1.1. Green Revolution in the Indian State of Punjab

The Green Revolution in India started in the state of Punjab in the late 1960s. After India’s independence in 1947, there were two major consecutive drought events i.e., in 1964-65 and 1965-66 (apart from two unanticipated wars with China and Pakistan in 1962 and 1965 respectively). Thus, provision and security of food for public was a major concern for the Indian Government at that time. Introduction of Green Revolution for agricultural development in Punjab was one main strategy under an Integrated Agricultural Districts Program (IADP) launched by the Indian government to overcome the food shortages. Punjab, with appropriate geographic location and availability of natural resources, was the premier state selected for the introduction of Green Revolution. This region was preferred due to the availability of rich alluvial soils and water from three main rivers, their tributaries and irrigation channels. Cultivation of wheat and rice were promoted mainly for their demand across the country as carbohydrate foods.

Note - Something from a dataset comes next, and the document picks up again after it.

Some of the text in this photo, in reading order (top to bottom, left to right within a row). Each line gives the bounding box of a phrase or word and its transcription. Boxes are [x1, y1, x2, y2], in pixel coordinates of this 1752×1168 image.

Figure 1. Agricultural trends over the past 40 years (Source: Tilman et al. ). (a) Total global cereal production; (b) Total global use of nitrogen and phosphorus fertilizers and area of global irrigated land

Since the introduction of Green Revolution, the state has contributed to produce mainly grain crops such as wheat and rice that made India sufficient in food production, thus called ‘food bowl’ of India. The state economy is mostly dependent on agriculture, so these advances in agriculture had led the state to be one of the economically advanced states in the country till 1980s. The state economy grew at a rate of 6 to 7% per annum during 1970-80s compared with 3 to 4% at national level and then it has slowed down to 3 to 4% per annum compared with 8 to 9% at the national level [4]. The main agricultural produce is wheat and rice that comprises about 85% of the gross value of total agricultural output and three-quarters of the total cropping area (with 90% irrigated area) in the state as reported by the International Food Policy Research Institute [7].

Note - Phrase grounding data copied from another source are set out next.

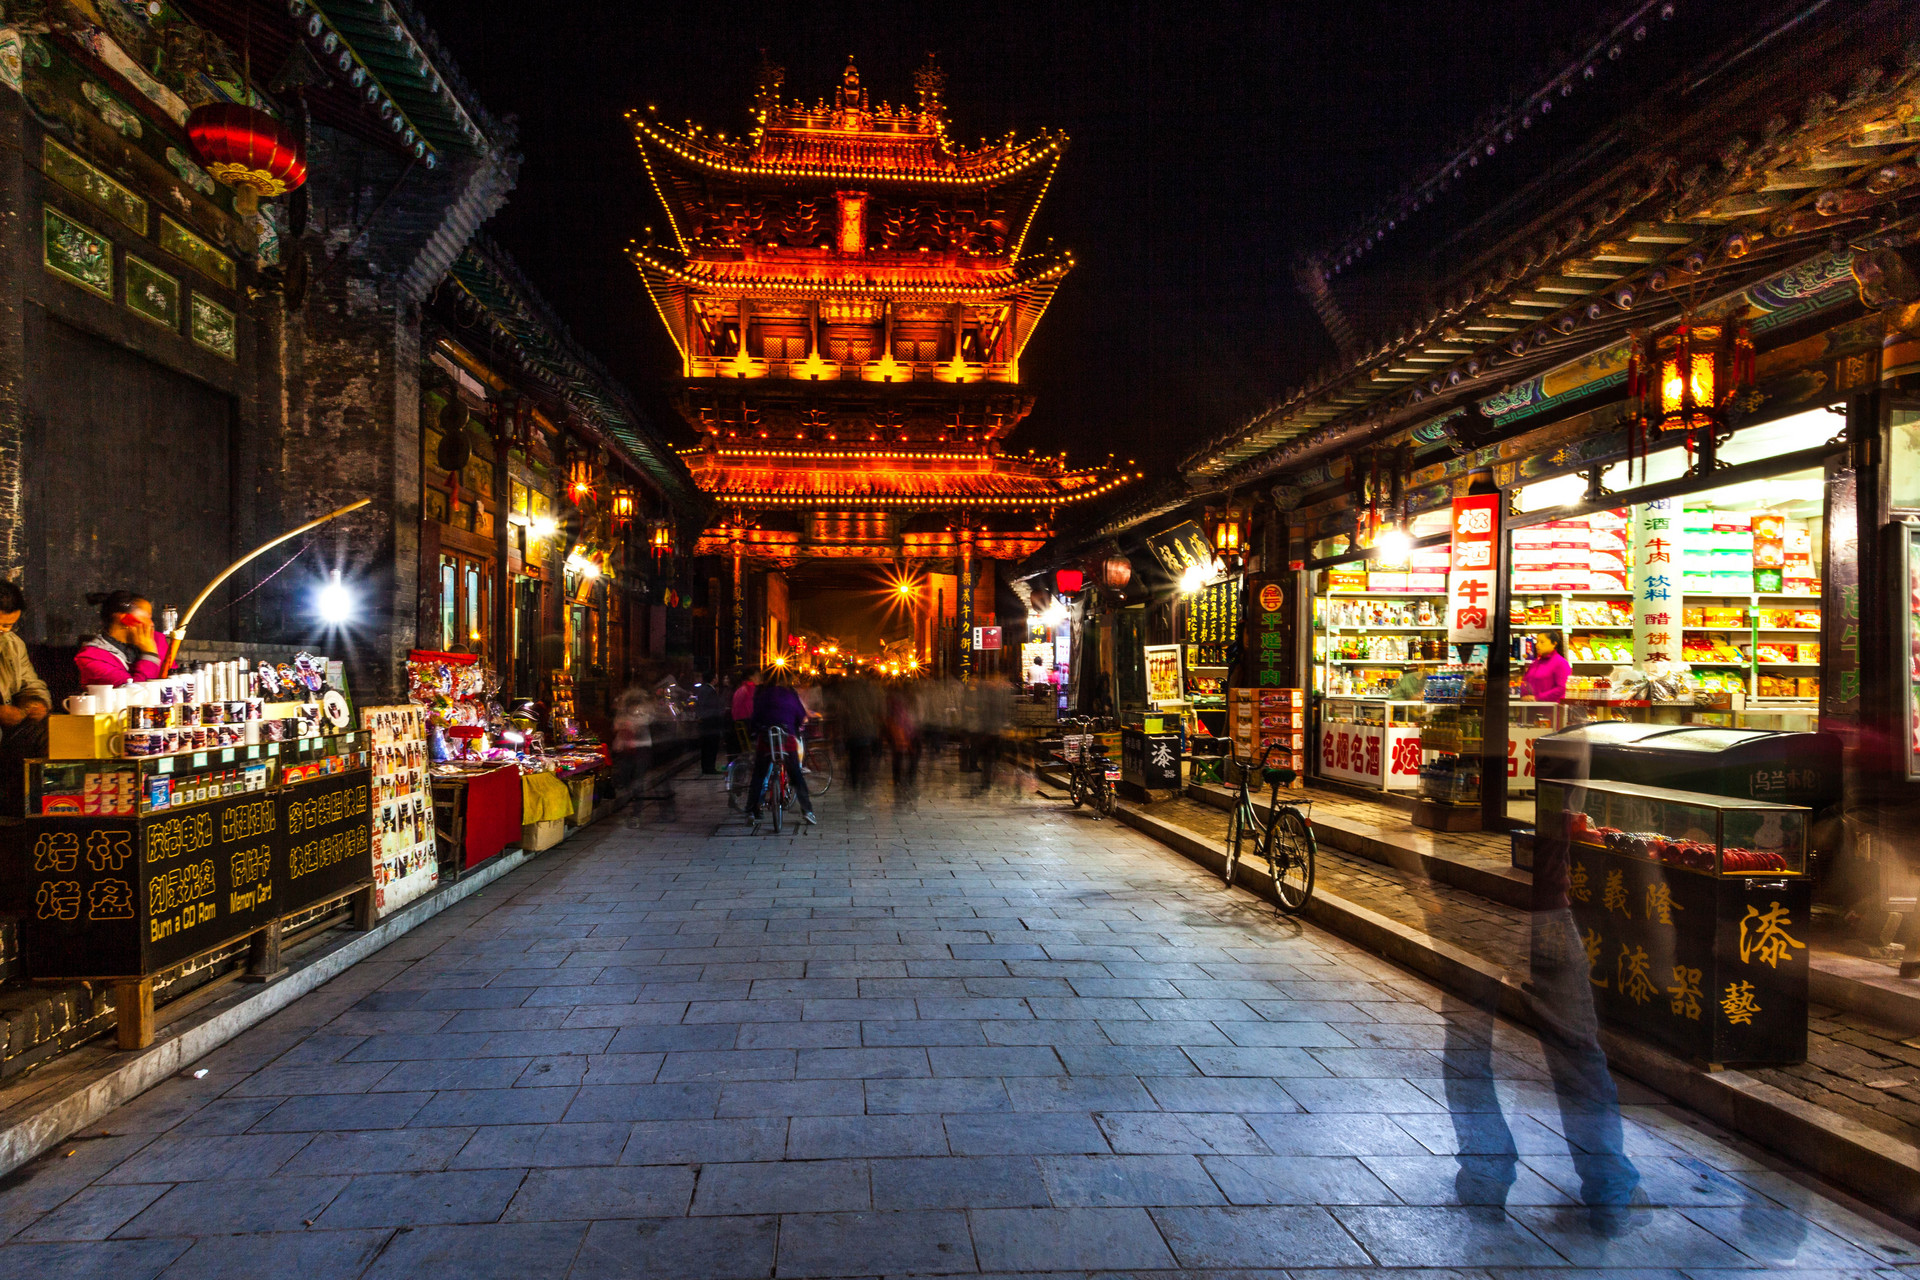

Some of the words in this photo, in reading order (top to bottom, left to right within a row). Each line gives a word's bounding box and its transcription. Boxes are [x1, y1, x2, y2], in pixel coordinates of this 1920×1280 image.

[1323, 730, 1380, 776] 名烟名酒
[34, 830, 132, 871] 烤杯
[230, 845, 271, 887] 存储卡
[36, 878, 135, 920] 烤盘
[150, 918, 172, 942] Burn
[175, 916, 181, 933] a
[183, 904, 196, 929] CD
[198, 902, 216, 926] Rom
[230, 889, 256, 914] Memory
[257, 880, 272, 904] Card

Figure 2. (a) Crop production, (b) Use of various inputs (fertilizers, pesticides and irrigated area) over time in agriculture, Punjab.Source: Statistical Abstracts of Punjab ).

With the introduction of Green Revolution in Punjab, the focus has been mainly on the production of wheat and rice that involves extensive use of soil and water resources and external inputs. Any associated environmental and/or social concerns due to decline in natural resources or external inputs have been broadly ignored for enhancing production and hence the economic returns. The economic returns from wheat and rice cultivation outweigh any other ecological, social and health concerns. Currently, after 50-60 years, the major focus of agricultural systems is still to achieve higher production outputs that may occur at any environmental or social cost which will be discussed in detail in this study.

The scenario that Tilman et al. [3] reported on a global scale as mentioned earlier, is well reflected in Punjab where production of wheat increased from 1,742,000 tons to 15,000,000 tons and of rice increased from 229,000 tons to about 9,000,000 tons from the early 1960s to the late 1990s and then stabilized over the last 7-10 years (Figure 2a), along with increased use of fertilizers and pesticides. The input of N and NPK fertilizers increased from ‘0’ levels in 1960s to about 1000 tonne per hectare in 2004-06 and these estimates are conservative as the actual values will be much higher than reported in here (Figure 2b).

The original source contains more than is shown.